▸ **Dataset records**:
★ ★ ★ ★
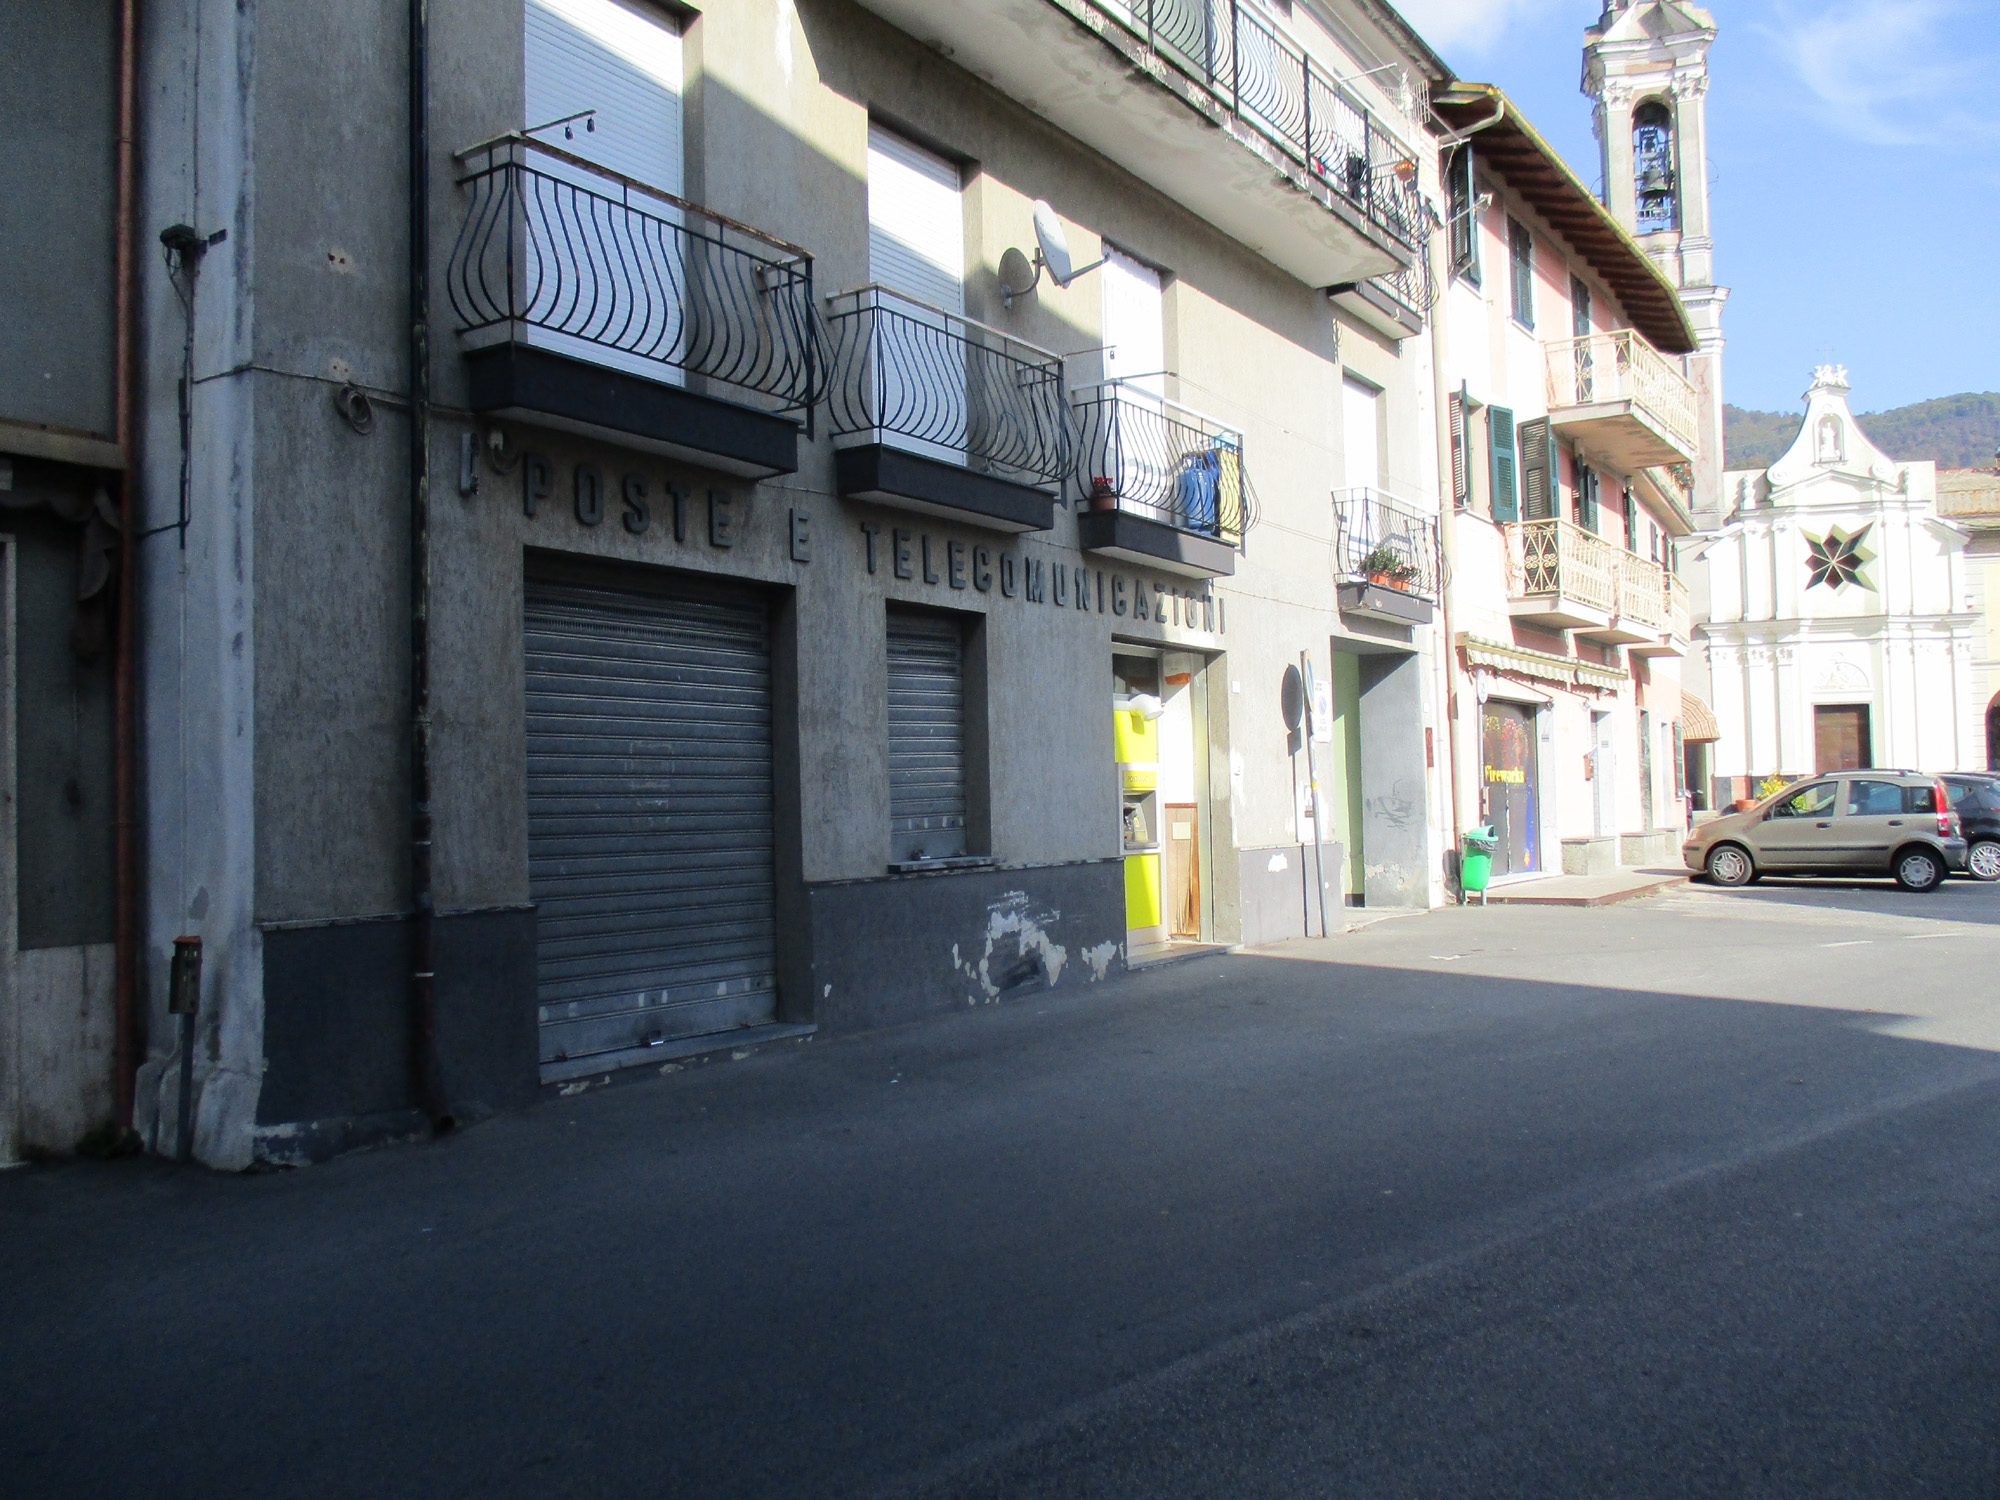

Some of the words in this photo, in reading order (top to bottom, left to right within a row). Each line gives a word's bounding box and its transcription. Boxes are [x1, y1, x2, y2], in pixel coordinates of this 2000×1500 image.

[522, 451, 734, 548] POSTE
[789, 507, 811, 563] E
[861, 521, 1226, 634] TELECOMUNICAZIONI
[1485, 764, 1525, 784] Fireworks
★ ★ ★ ★
▸ **YOUR INSTRUCTIONS**: Transcribe every entry word for word, but skip the pictures.

▸ **WRITTEN ANSWER**:
Some of the words in this photo, in reading order (top to bottom, left to right within a row). Each line gives a word's bounding box and its transcription. Boxes are [x1, y1, x2, y2], in pixel coordinates of this 2000×1500 image.

[522, 451, 734, 548] POSTE
[789, 507, 811, 563] E
[861, 521, 1226, 634] TELECOMUNICAZIONI
[1485, 764, 1525, 784] Fireworks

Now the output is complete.